◆ **DESCRIPTION OF THE TASK**: Every record should be restated exactly, with no images included.

◆ **MATERIAL FOR THIS EXERCISE**:
################

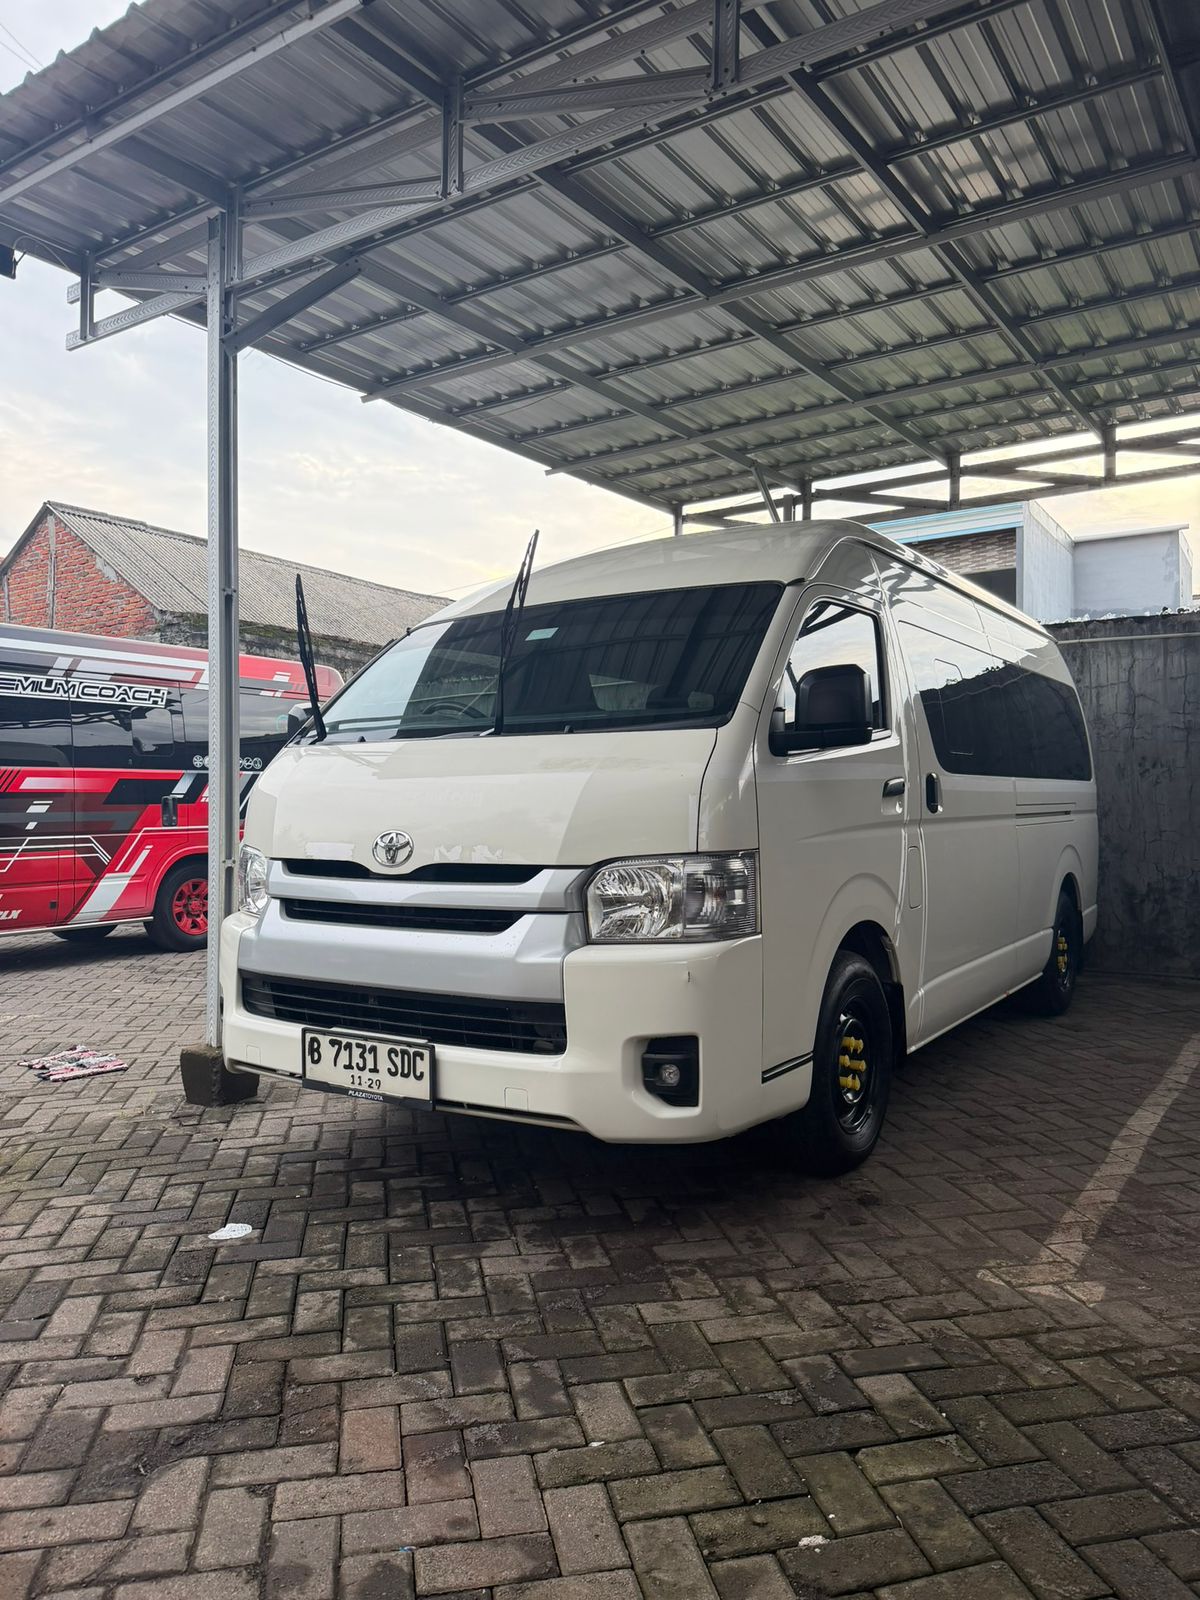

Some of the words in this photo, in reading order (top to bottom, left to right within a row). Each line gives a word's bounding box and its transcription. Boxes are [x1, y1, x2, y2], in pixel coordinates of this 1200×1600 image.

[80, 683, 167, 706] COACH
[308, 1036, 322, 1065] B
[328, 1038, 380, 1074] 7131
[387, 1047, 425, 1081] SDC
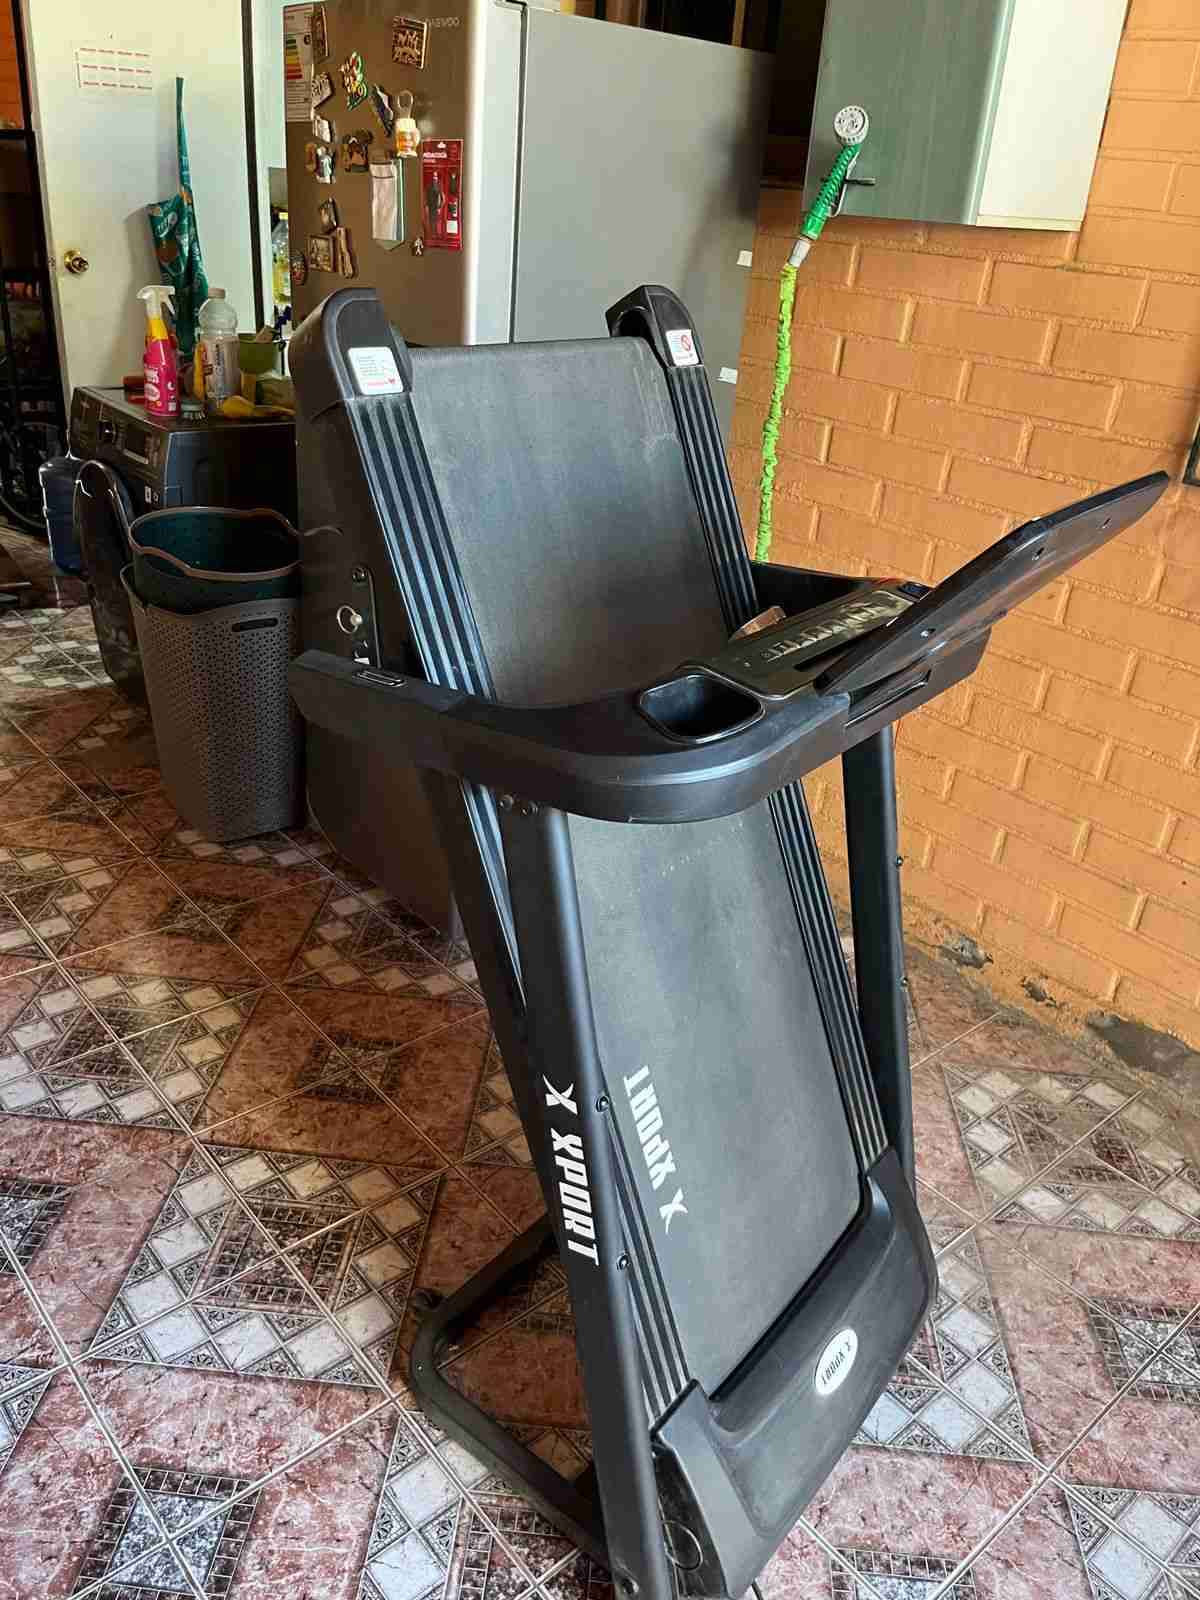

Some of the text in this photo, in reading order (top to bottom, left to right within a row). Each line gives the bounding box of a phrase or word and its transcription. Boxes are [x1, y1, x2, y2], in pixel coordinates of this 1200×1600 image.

[542, 1074, 600, 1266] X XPORT
[624, 1065, 689, 1235] X XPORT
[822, 1351, 846, 1385] XPORT

################

◆ **RESULT OF THE TASK**:
Some of the words in this photo, in reading order (top to bottom, left to right within a row). Each line gives a word's bounding box and its transcription. Boxes are [x1, y1, x2, y2], in pixel coordinates of this 1200×1600 image.

[80, 683, 167, 706] COACH
[308, 1036, 322, 1065] B
[328, 1038, 380, 1074] 7131
[387, 1047, 425, 1081] SDC

Some of the text in this photo, in reading order (top to bottom, left to right within a row). Each line gives the bounding box of a phrase or word and its transcription. Boxes are [x1, y1, x2, y2], in pixel coordinates of this 1200×1600 image.

[542, 1074, 600, 1266] X XPORT
[624, 1065, 689, 1235] X XPORT
[822, 1351, 846, 1385] XPORT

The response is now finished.